*** Provided information ***

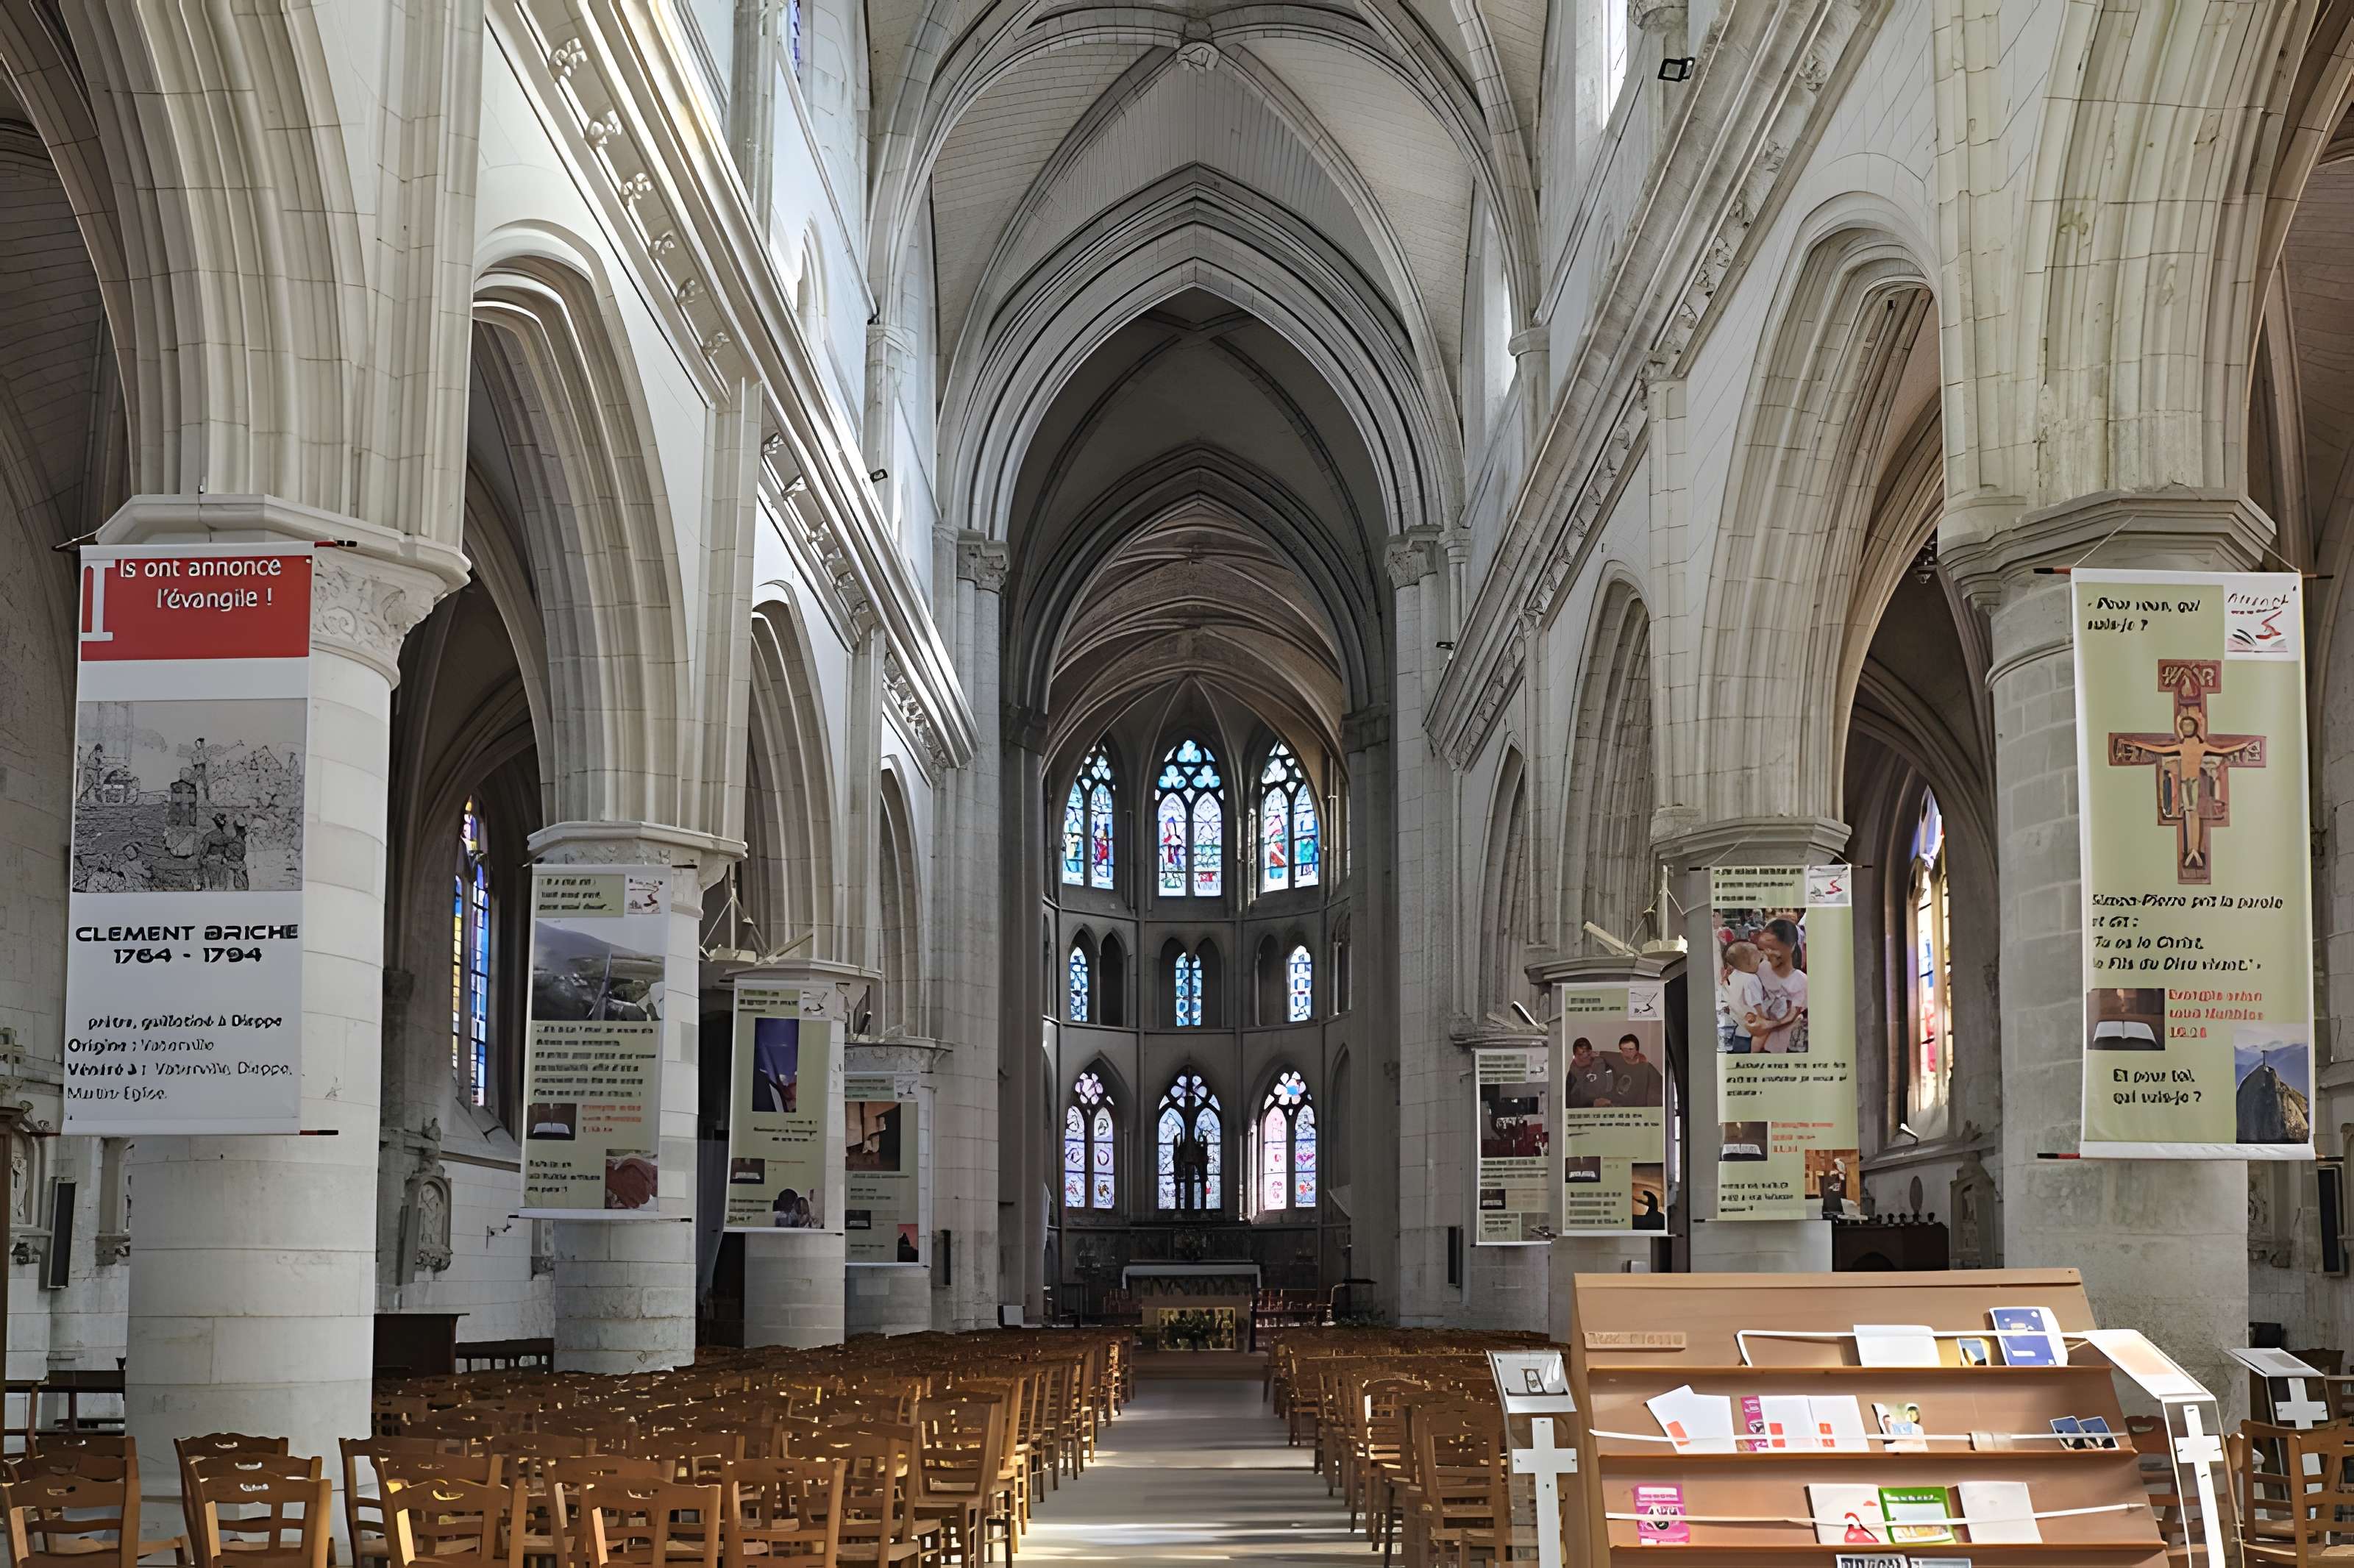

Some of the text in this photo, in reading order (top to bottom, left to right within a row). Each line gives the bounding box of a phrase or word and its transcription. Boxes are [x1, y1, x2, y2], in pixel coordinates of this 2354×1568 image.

[145, 560, 180, 578] ont
[157, 588, 272, 612] l'évangile !
[76, 924, 298, 942] CLEMENT BRICHE
[203, 947, 262, 963] 1794
[2194, 1091, 2202, 1102] ?
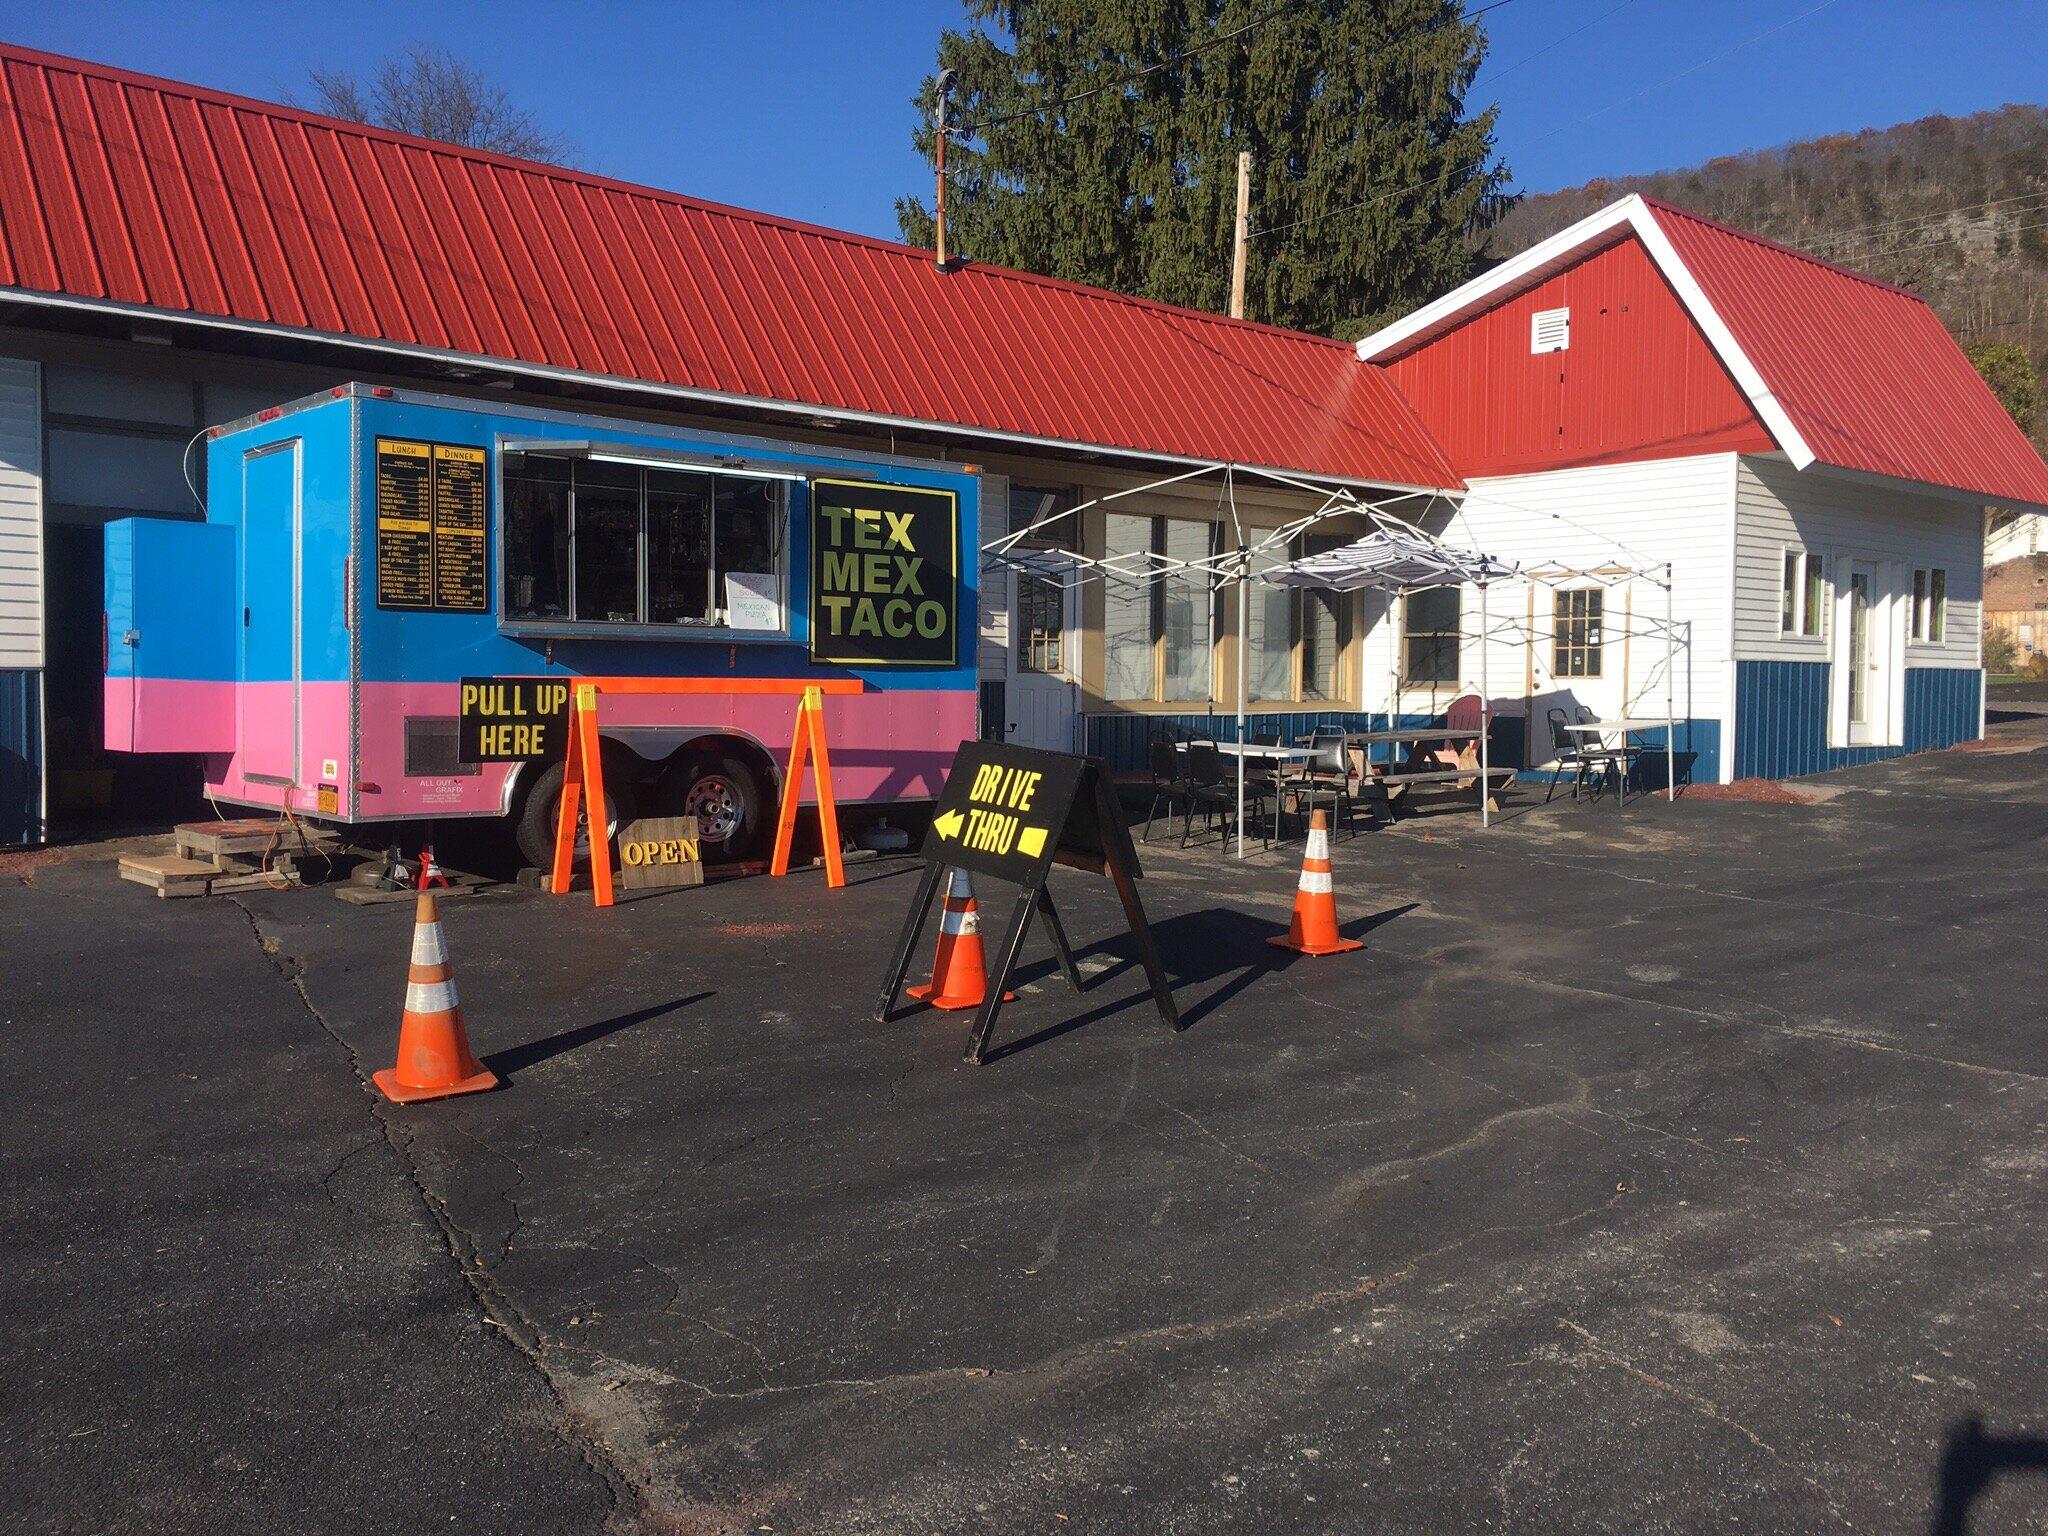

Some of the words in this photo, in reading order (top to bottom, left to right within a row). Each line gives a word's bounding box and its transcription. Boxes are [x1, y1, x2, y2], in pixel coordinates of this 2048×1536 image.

*** End of Provided information ***

● Exercise brief:
Print the listing exactly, minus its pictures.

● Result for this task:
Some of the text in this photo, in reading order (top to bottom, left to right within a row). Each line gives the bounding box of a phrase or word and its transcription. Boxes are [x1, y1, x2, y2], in pixel coordinates of this 2354×1568 image.

[145, 560, 180, 578] ont
[157, 588, 272, 612] l'évangile !
[76, 924, 298, 942] CLEMENT BRICHE
[203, 947, 262, 963] 1794
[2194, 1091, 2202, 1102] ?

Some of the words in this photo, in reading order (top to bottom, left to right within a row). Each line gives a word's bounding box and its transcription. Boxes are [x1, y1, x2, y2], in pixel coordinates of this 2048×1536 image.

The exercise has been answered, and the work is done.